Are We in ‘Soviet America’? Not Even Close.
What Niall Ferguson gets wrong, leaves out, and distorts.
ONLY TWO WEEKS AFTER Ayaan Hirsi Ali’s long essay in the Free Press blaming America’s (and, more generally, the West’s) cultural woes on vaguely conspiratorial “subversion” out of the Soviet KGB playbook, here comes a different twist on the “Soviet America” concept: Maybe we are the Soviets of our time. British historian Niall Ferguson—Ali’s husband—makes that case in yet another Free Press article; he is enthusiastically seconded by Helen Andrews at the American Conservative, who thinks Ferguson’s only error is that he underestimates just how Soviet we’ve become.

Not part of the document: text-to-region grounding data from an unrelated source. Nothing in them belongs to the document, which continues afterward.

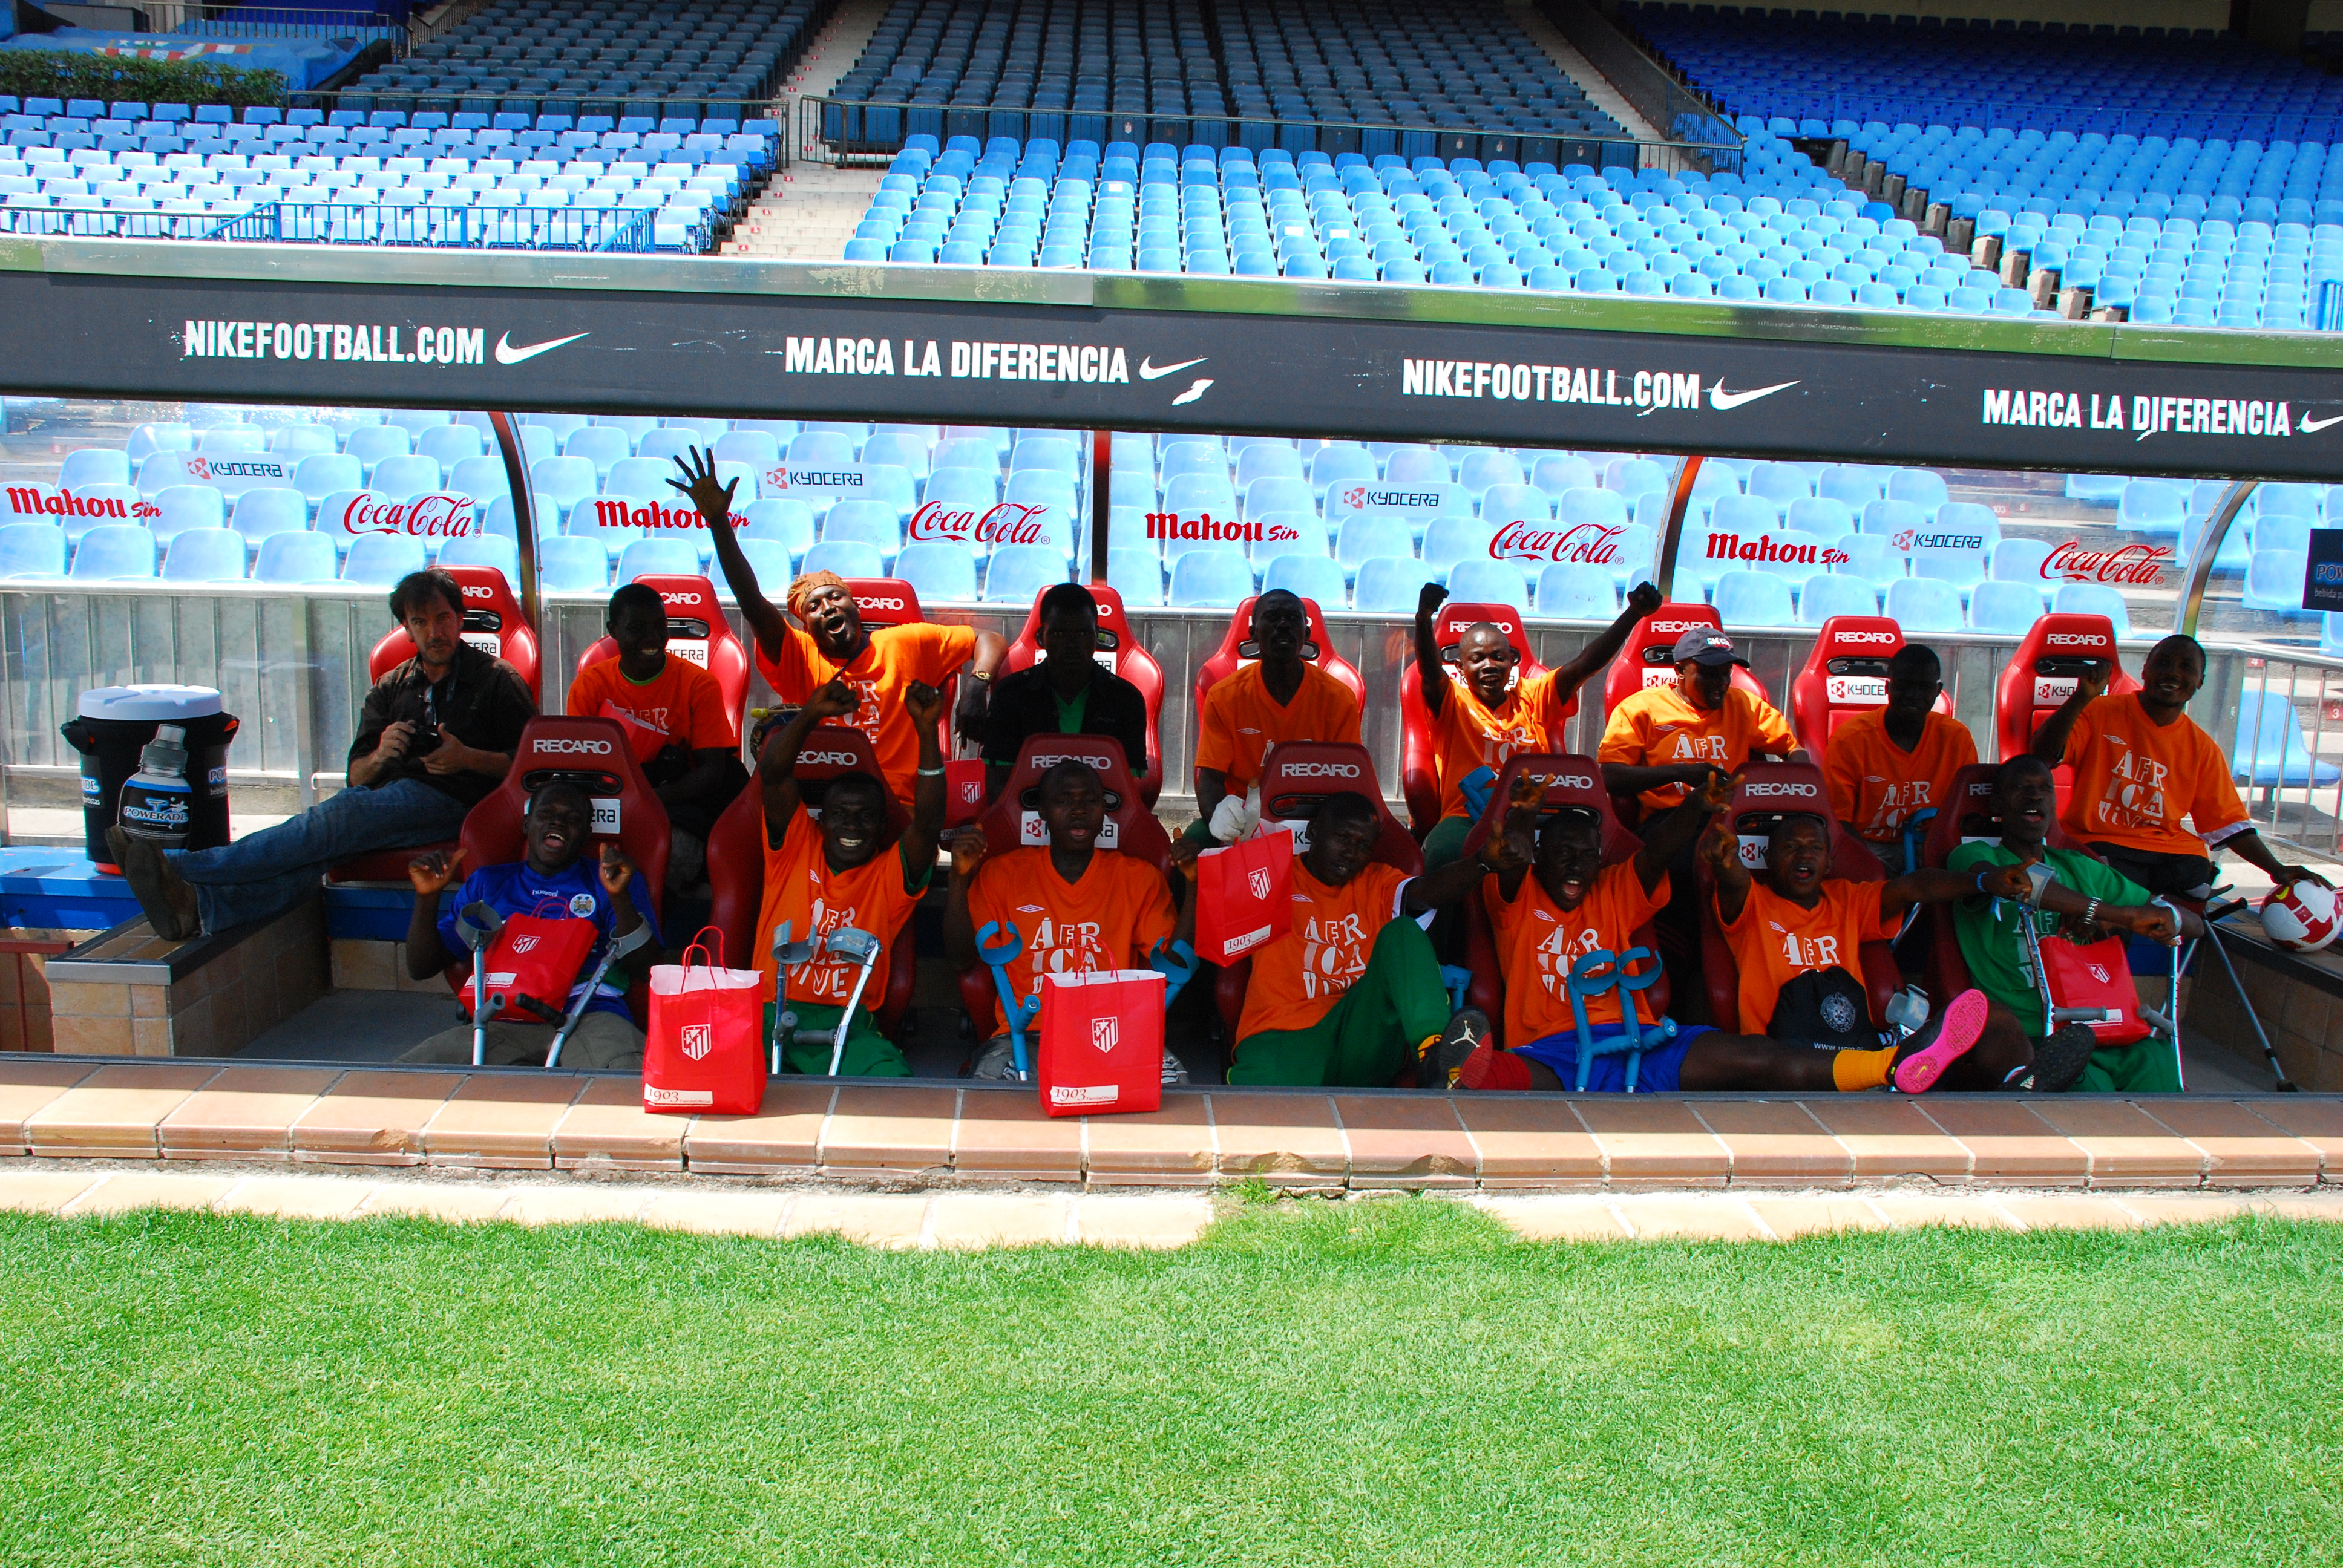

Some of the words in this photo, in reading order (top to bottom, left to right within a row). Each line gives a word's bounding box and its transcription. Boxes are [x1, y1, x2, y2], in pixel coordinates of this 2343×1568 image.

[185, 320, 484, 364] NIKEFOOTBALL.COM
[786, 337, 894, 376] MARCA
[904, 339, 942, 377] LA
[951, 342, 1129, 384] DIFERENCIA
[1403, 359, 1700, 410] NIKEFOOTBALL.COM
[1983, 389, 2082, 428] MARCA
[2090, 394, 2124, 430] LA
[2132, 396, 2291, 436] DIFERENCIA
[210, 462, 283, 477] KYOCERA
[790, 470, 863, 486] KYOCERA
[5, 487, 127, 518] Mahou
[1366, 491, 1439, 508] KYOCERA
[1144, 512, 1262, 541] Mahou
[1706, 533, 1817, 564] Mahou
[1914, 533, 1982, 549] KYOCERA
[462, 587, 493, 598] ARO
[660, 593, 701, 604] CARO
[853, 596, 904, 610] ECARO
[1835, 632, 1895, 644] RECARO
[2047, 634, 2107, 646] RECARO
[2333, 708, 2339, 719] 3
[533, 739, 612, 754] RECARO
[795, 751, 857, 766] ECARO
[1282, 763, 1360, 778] RECARO
[1745, 783, 1817, 797] RECARO
[125, 807, 188, 821] POWERADE
[1228, 935, 1251, 950] 1903
[650, 1089, 678, 1102] 1903
[1055, 1089, 1086, 1101] 1903

Ferguson’s comparison is specifically between the United States today and the latter-day USSR of the 1970s and 1980s, slouching toward collapse: everything from stagnant productivity and “gerontocratic leadership” to rising death to out-of-touch elites. Of course, you could point out, as some people have, that the USSR kept its borders sealed to keep people from getting out while the United States is beefing up border security to keep people from getting in. Pure cope, says Ferguson, suggesting that the more salient point is that “neither the late Soviet Union nor the late-Soviet USA were capable of even the rudimentary state function of policing their borders,” because a German teenage aviator was able to land a small plane on Red Square in 1987. (By that logic, one could conclude that East Germany was a functional society up to the very end because people were still getting shot dead at the Berlin Wall in 1989.) You could also say that the Soviet photos illustrating Ferguson’s piece—grubby food shops with no food, long lines at the liquor store—are a potent rebuttal to his putative point. But hey, he tweeted out a thread with side-by-side photos of Leonid Brezhnev and Joe Biden in sunglasses, and who can argue with that?

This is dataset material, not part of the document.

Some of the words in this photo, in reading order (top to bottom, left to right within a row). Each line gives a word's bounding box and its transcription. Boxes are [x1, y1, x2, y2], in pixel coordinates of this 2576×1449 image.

As someone who emigrated from the Soviet Union as a 16-year-old in early 1980 and got to experience “late Soviet life” firsthand, my first response to the notion that we’re living through a similar moment in modern-day America is . . . well, I’ll just quote the great Soviet and post-Soviet satirist and comedian Mikhail Zhvanetsky: “No words. All that’s left is epithets.” But Ferguson’s attempt at analysis does deserve a more detailed examination—which isn’t easy because, like Ali’s “subversion” theory, it’s all over the place, and trying to analyze it is another exercise in nailing Jell-O to the wall.
Still, let’s give it a go. Buckle up, tovarisch.

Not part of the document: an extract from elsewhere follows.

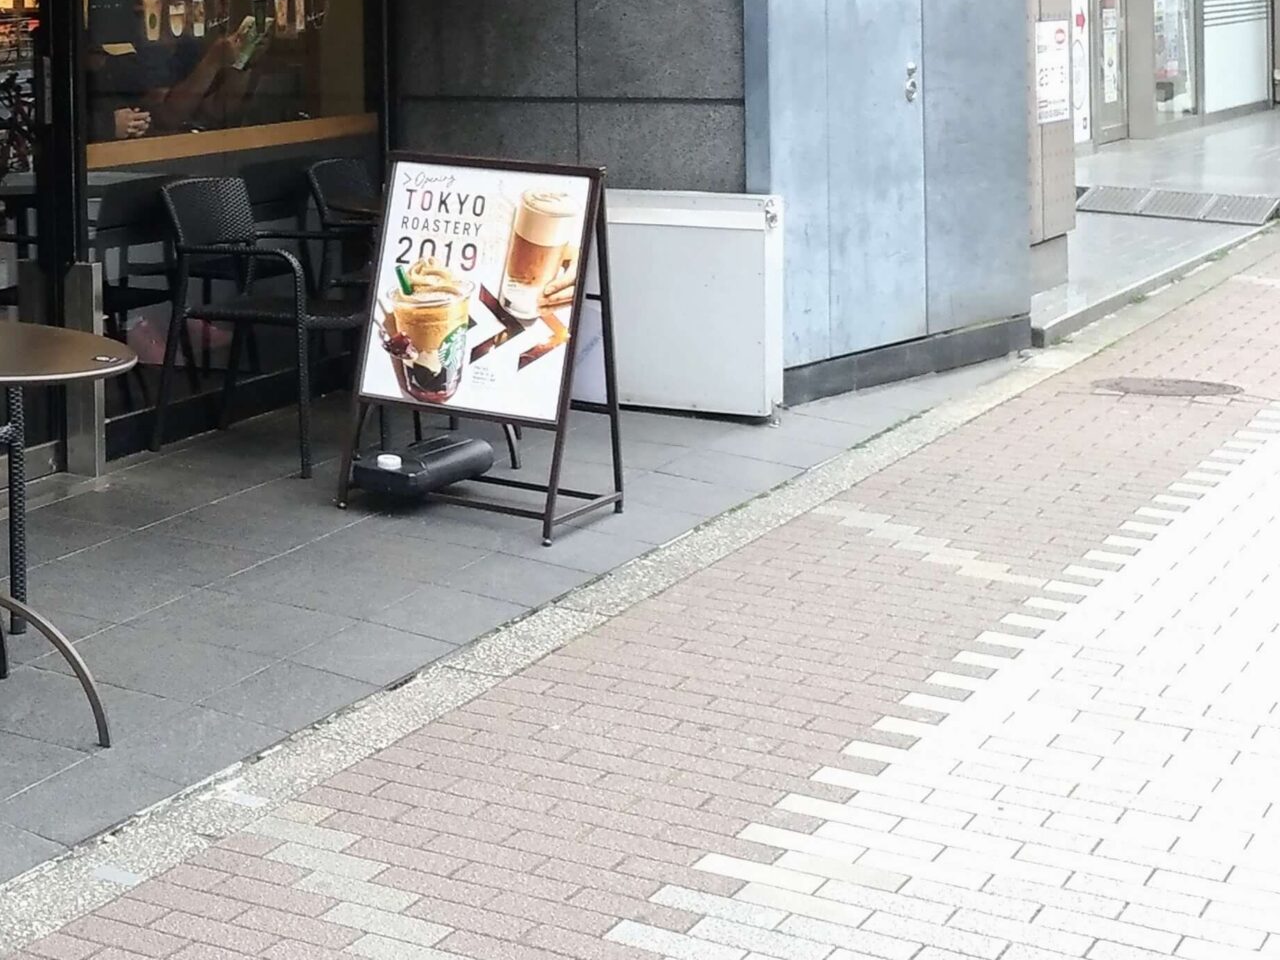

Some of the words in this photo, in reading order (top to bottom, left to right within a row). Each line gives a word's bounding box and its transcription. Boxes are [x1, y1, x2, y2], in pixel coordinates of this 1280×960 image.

[406, 188, 486, 217] TOKYO
[401, 215, 482, 237] ROASTERY
[395, 236, 478, 272] 2019

LET’S START WITH FERGUSON’S ASSERTION that the decline in life expectancy, the growth in addiction, and the rise in suicide rates illustrate a similar self-destructive trend for Homo sovieticus and Homo americanus. Aside from the fact that he sloppily conflates the late Soviet period and the early post-Soviet period—his suicide statistics for Russia are from the mid-1990s—he himself acknowledges that the scope of self-destruction is very different: “Suicides among [Russian] men aged 50 to 54 reached 140 per 100,000 population in 1994—compared with 39.2 per 100,000 for non-Hispanic American men aged 45 to 54 in 2015.” Should we be alarmed that between 2000 and 2019, suicide rates in the United States rose by 45 percent (to 14.5 per 100,000) while falling in most other countries, resulting in a suicide rate 61 percent above the world average where it had been 29 percent lower? Of course. But to see this somehow analogous to the late Soviet period, when the suicide rate in the Russian Federation in 1990–91 was over 39 per 100,000 even by almost certainly undercounted official Soviet data, is a stretch.1
Not all U.S.-Russian or U.S.-Soviet comparisons are off-base. Accounts of addiction and hopelessness in depressed rural and semirural regions of the United States can, indeed evoke a sense of déjà vu for those familiar with the bleak hellscapes of Soviet and post-Soviet life in the Russian provinces (even if the living standards of the American poor would no doubt look like luxury to the late-stage Soviet citizen). One difference: In the USSR, these hellscapes blanketed much of the country. In the United States, they are limited, if disturbing, pockets of squalor.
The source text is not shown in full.